-- Exercise prompt --
Would you give back exactly the lines from the line with "this 1680×1120 image." through the end of the entries below, both included, but none of the pictures?

-- Data --
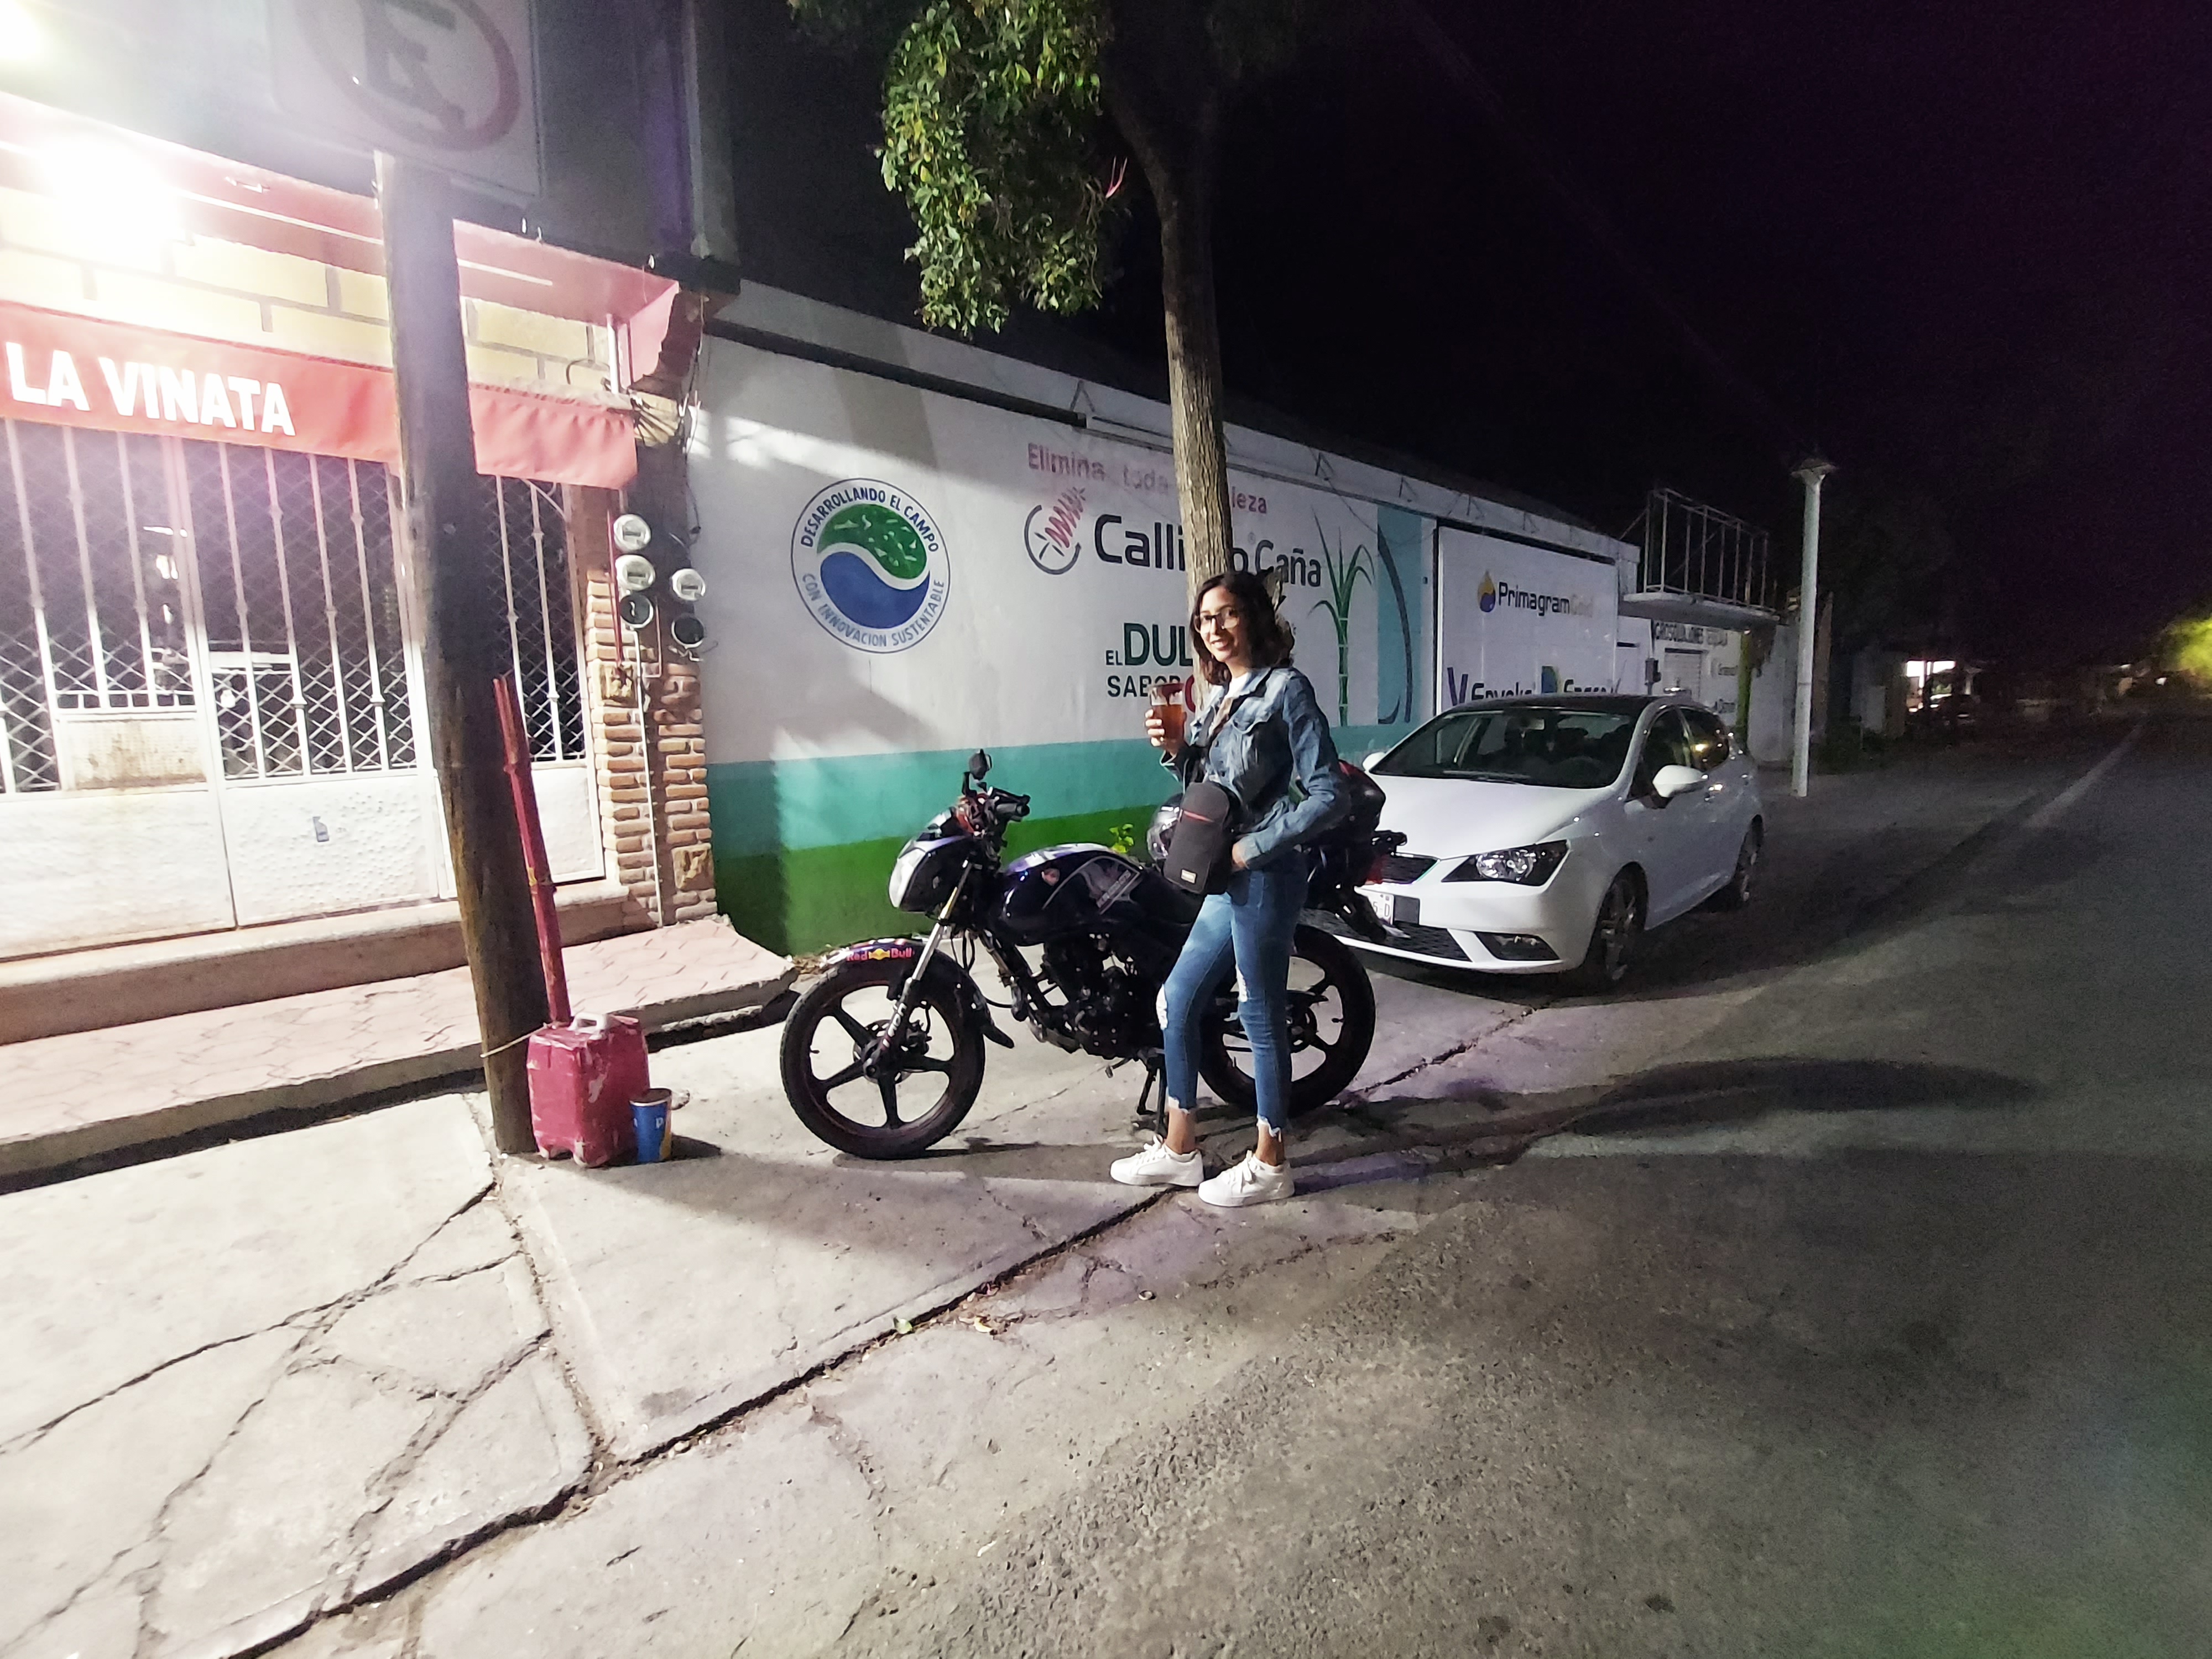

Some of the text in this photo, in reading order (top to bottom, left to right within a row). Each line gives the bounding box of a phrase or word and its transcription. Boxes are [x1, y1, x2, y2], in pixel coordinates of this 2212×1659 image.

[6, 341, 296, 436] LA VINATA
[1027, 442, 1105, 482] Elimina
[1232, 486, 1267, 514] leza
[800, 487, 939, 552] DESARROLLANDO EL CAMPO
[1255, 540, 1321, 587] Caña
[802, 573, 945, 647] CON INNOVACION SUSTENTABLE
[1105, 622, 1193, 667] EL DUL
[846, 947, 912, 961] Red Bull
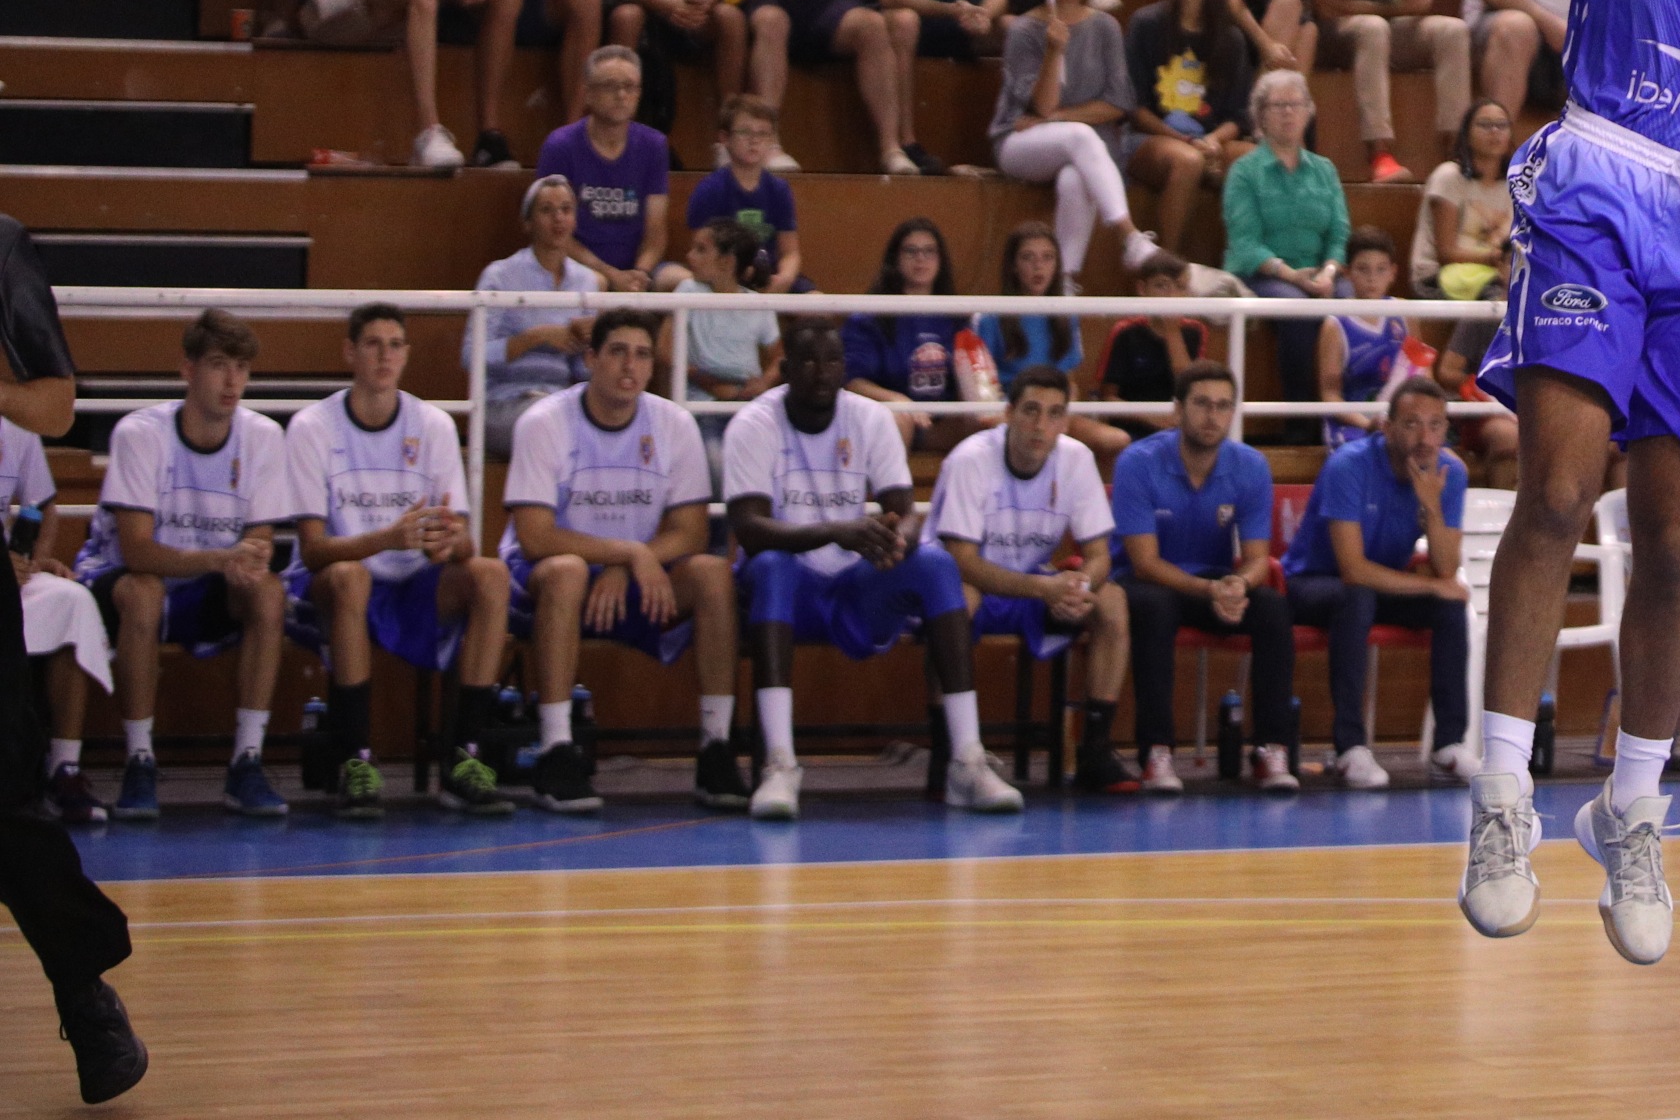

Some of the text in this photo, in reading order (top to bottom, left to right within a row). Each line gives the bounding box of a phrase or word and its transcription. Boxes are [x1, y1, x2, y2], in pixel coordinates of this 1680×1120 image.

[1552, 288, 1592, 309] Ford
[1534, 316, 1610, 332] Tarraco Center
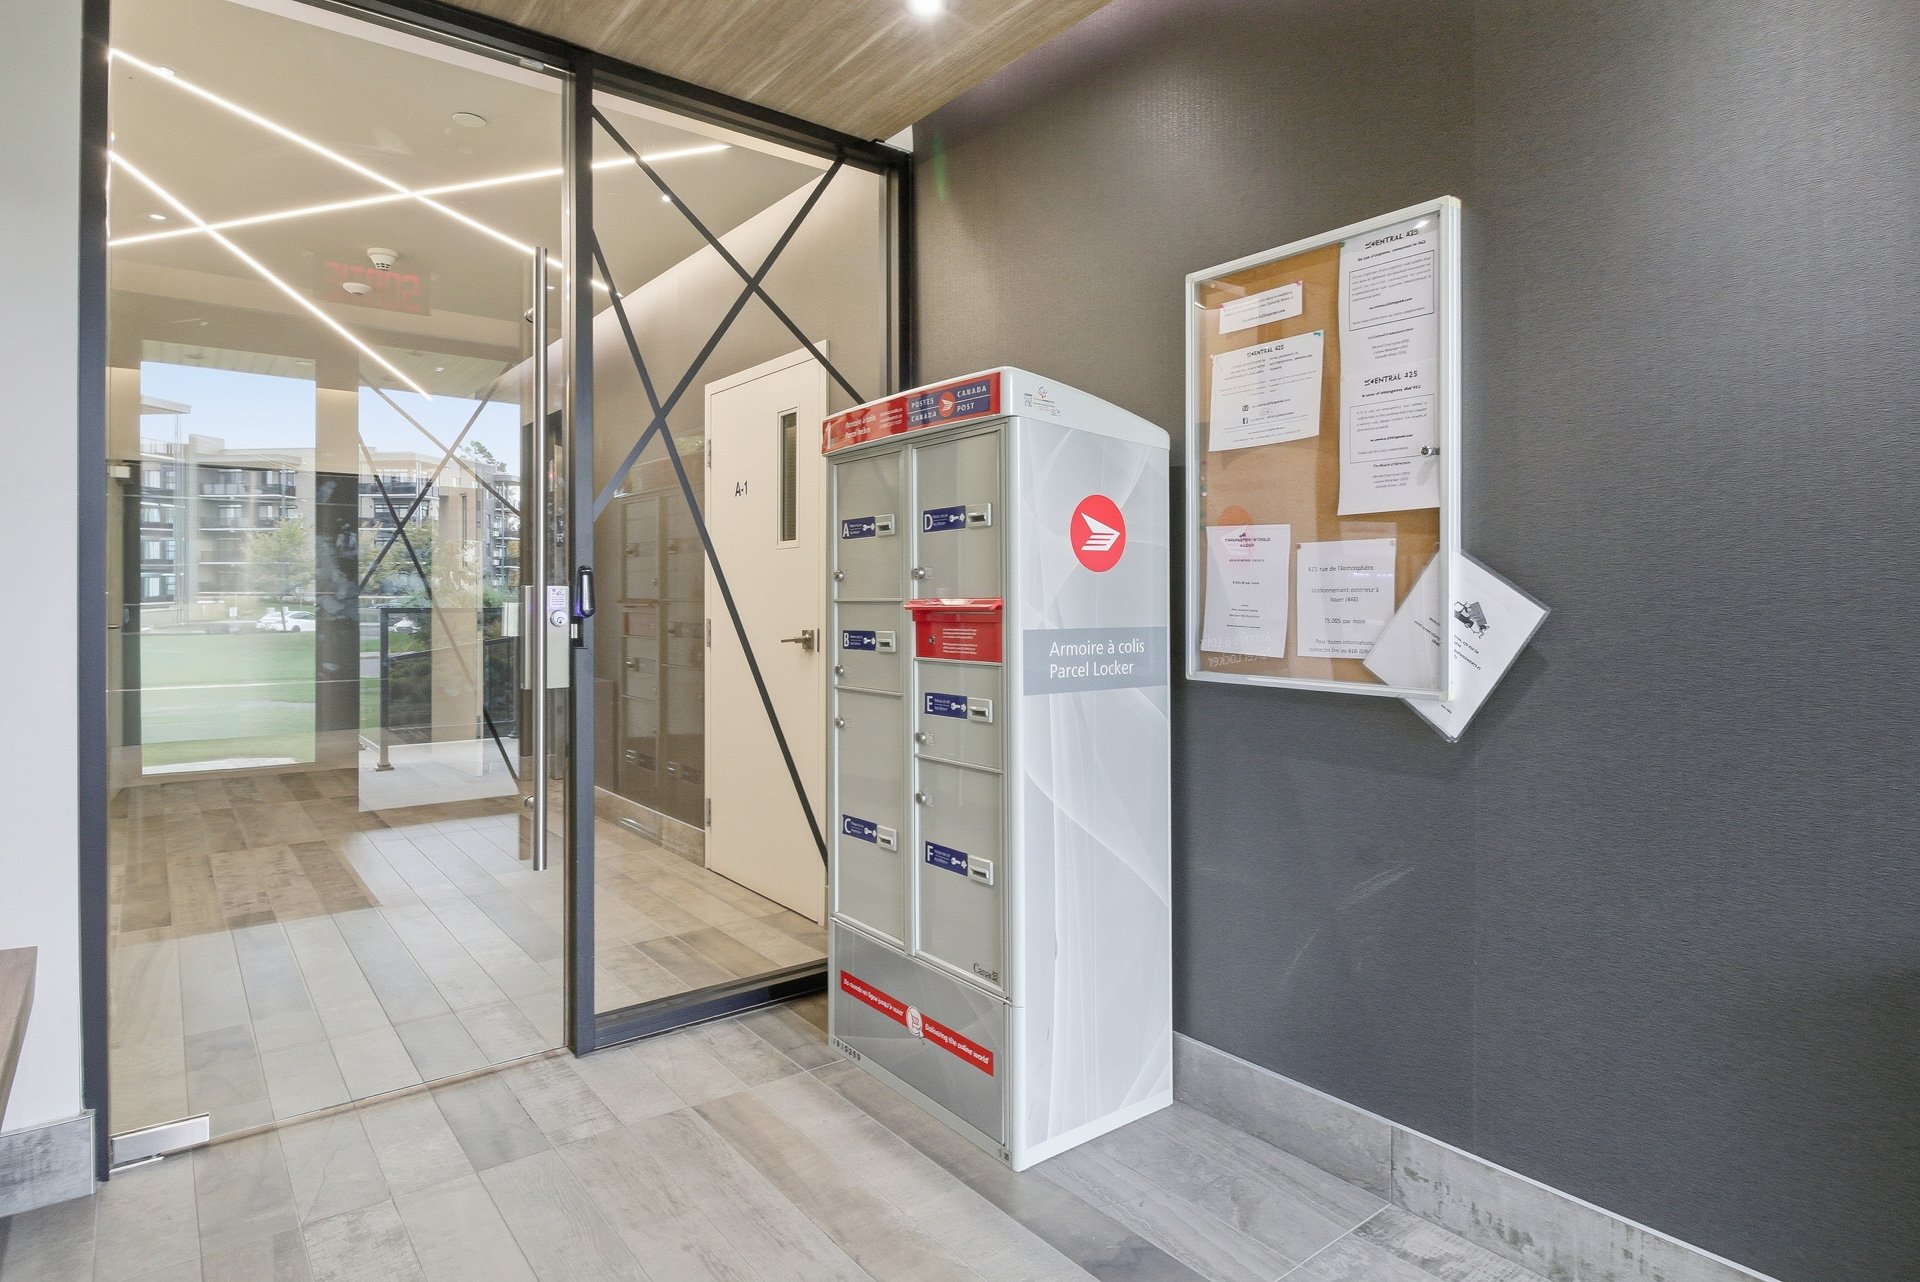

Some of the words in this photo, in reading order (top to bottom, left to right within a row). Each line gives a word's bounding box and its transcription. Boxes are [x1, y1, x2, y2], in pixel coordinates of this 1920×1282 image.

[957, 384, 987, 398] CANADA
[911, 397, 934, 409] POSTES
[957, 402, 975, 412] POST
[911, 411, 937, 422] CANADA
[825, 422, 832, 449] 1
[735, 480, 748, 496] A-1
[924, 513, 934, 530] D
[843, 523, 850, 537] A
[843, 632, 850, 647] B
[1049, 640, 1104, 657] Armoire
[1107, 639, 1115, 654] à
[1118, 638, 1145, 654] colis
[1050, 661, 1089, 679] Parcel
[1093, 659, 1134, 676] Locker
[926, 695, 934, 712] E
[845, 818, 851, 833] C
[927, 845, 934, 861] F
[948, 1036, 957, 1047] the
[957, 1043, 973, 1055] online

-- Answer below --
Some of the text in this photo, in reading order (top to bottom, left to right within a row). Each line gives the bounding box of a phrase or word and its transcription. Boxes are [x1, y1, x2, y2], in pixel coordinates of this 1680×1120 image.

[1552, 288, 1592, 309] Ford
[1534, 316, 1610, 332] Tarraco Center

Some of the words in this photo, in reading order (top to bottom, left to right within a row). Each line gives a word's bounding box and its transcription. Boxes are [x1, y1, x2, y2], in pixel coordinates of this 1920×1282 image.

[957, 384, 987, 398] CANADA
[911, 397, 934, 409] POSTES
[957, 402, 975, 412] POST
[911, 411, 937, 422] CANADA
[825, 422, 832, 449] 1
[735, 480, 748, 496] A-1
[924, 513, 934, 530] D
[843, 523, 850, 537] A
[843, 632, 850, 647] B
[1049, 640, 1104, 657] Armoire
[1107, 639, 1115, 654] à
[1118, 638, 1145, 654] colis
[1050, 661, 1089, 679] Parcel
[1093, 659, 1134, 676] Locker
[926, 695, 934, 712] E
[845, 818, 851, 833] C
[927, 845, 934, 861] F
[948, 1036, 957, 1047] the
[957, 1043, 973, 1055] online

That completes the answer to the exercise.